Getting New Jersey insurance is definitely worth the hassle as the protection it offers is invaluable. In many cases such as owning and operating a vehicle, having insurance is not a choice, it is compulsory and there is good reason for this. However, knowing how important insurance is, doesn’t make it any easier to understand. If you are in the process of looking for New Jersey insurance, whether home, car or health then here are some common misunderstood terms that you need to understand to help you in your search.
Utmost Good Faith
All insurance contracts are considered to be contracts of Utmost Good Faith. This means that there should be full disclosure on both sides. Both parties have a duty to relay any and all facts relating to the insurance policy in question. If this duty is breached it could result in a liability case.

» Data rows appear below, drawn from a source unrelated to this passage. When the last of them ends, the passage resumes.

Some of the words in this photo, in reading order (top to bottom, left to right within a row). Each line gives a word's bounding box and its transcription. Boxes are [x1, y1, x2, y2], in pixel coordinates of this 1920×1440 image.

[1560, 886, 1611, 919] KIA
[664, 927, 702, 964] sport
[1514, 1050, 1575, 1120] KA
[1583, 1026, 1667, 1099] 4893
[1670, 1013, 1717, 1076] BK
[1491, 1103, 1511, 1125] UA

The New Jersey insurance contract itself is referred to as a policy. The policy is the legal document held by both the customer and the insurer that details all of the terms and conditions applicable to the insurance contract complete with any necessary legal evidence. The policy itself can be considered as the insurance bible. As a policy holder this is where you need to look if you have any questions about your coverage, or making a claim.
The claims adjuster is the insurance agent who is responsible for all aspects of claims management. Therefore if you need to make a claim this is who you will need to speak to. They will assess the validity of your claim, thoroughly going through every necessary detail. The decision of whether or not your claim is awarded will ultimately be down to this person.
The term cancellation only refers to a policy being terminated before it is due to expire. If a policy has expired and the customer or the insurer chooses not to renew the policy then this is not considered a cancellation. There will be a cancellation clause within the policy which will vary depending on the insurer. If the insurer decides to cancel the policy then they will have to give the customer a notice period. This will usually be anything from 48 hours to 3 months, depending on the company in question.
Commercial Combined Insurance
This refers to a number of different commercial insurances that have been put together and sold as one single package.